Work instruction:
Take the entries that follow and return exactly the lines from the one holding "this 1600×1200 image." through the one holding "Some of the words", both included. Nothing else is needed.

Records to use:
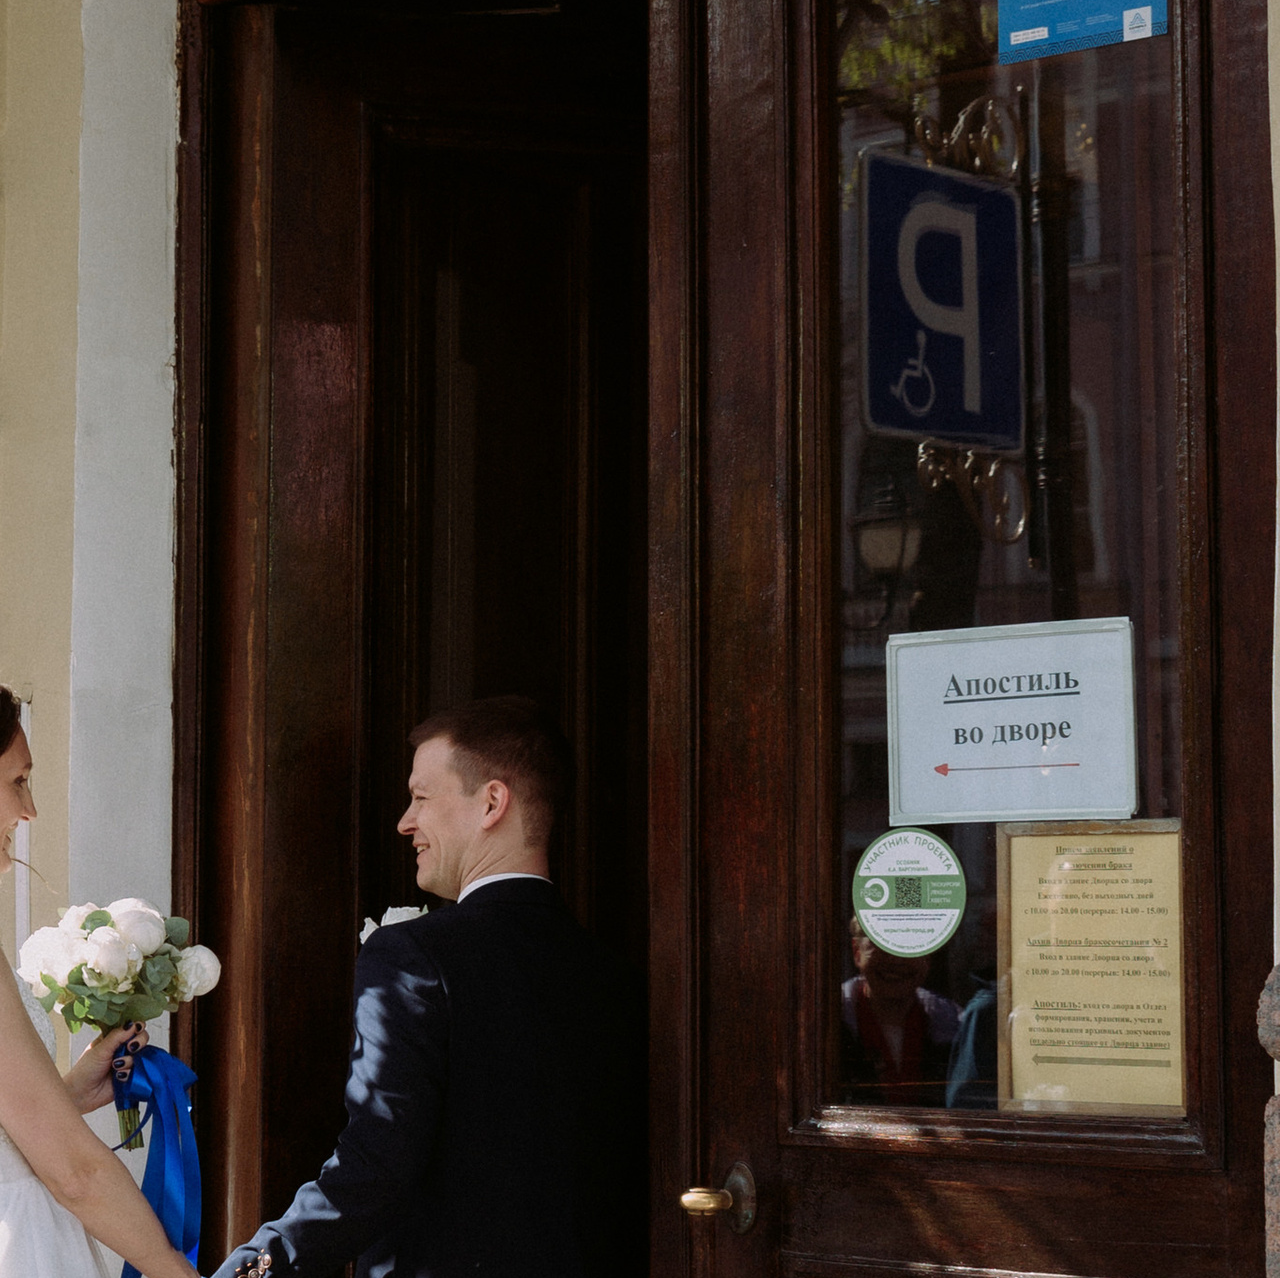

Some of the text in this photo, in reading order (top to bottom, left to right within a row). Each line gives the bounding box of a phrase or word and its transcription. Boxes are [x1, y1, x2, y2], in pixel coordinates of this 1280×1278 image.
---
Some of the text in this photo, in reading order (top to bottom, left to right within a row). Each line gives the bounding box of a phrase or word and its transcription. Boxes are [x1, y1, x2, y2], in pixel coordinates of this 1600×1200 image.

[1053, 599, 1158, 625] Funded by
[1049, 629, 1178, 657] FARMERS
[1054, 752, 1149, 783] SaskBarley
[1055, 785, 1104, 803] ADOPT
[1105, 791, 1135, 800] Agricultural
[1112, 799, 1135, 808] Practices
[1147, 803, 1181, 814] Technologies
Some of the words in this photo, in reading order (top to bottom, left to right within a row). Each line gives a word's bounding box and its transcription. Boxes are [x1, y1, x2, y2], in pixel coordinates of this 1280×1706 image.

Output for this task:
Some of the text in this photo, in reading order (top to bottom, left to right within a row). Each line gives the bounding box of a phrase or word and its transcription. Boxes are [x1, y1, x2, y2], in pixel coordinates of this 1600×1200 image.

[1053, 599, 1158, 625] Funded by
[1049, 629, 1178, 657] FARMERS
[1054, 752, 1149, 783] SaskBarley
[1055, 785, 1104, 803] ADOPT
[1105, 791, 1135, 800] Agricultural
[1112, 799, 1135, 808] Practices
[1147, 803, 1181, 814] Technologies
Some of the words in this photo, in reading order (top to bottom, left to right within a row). Each line gives a word's bounding box and its transcription. Boxes are [x1, y1, x2, y2], in pixel coordinates of this 1280×1706 image.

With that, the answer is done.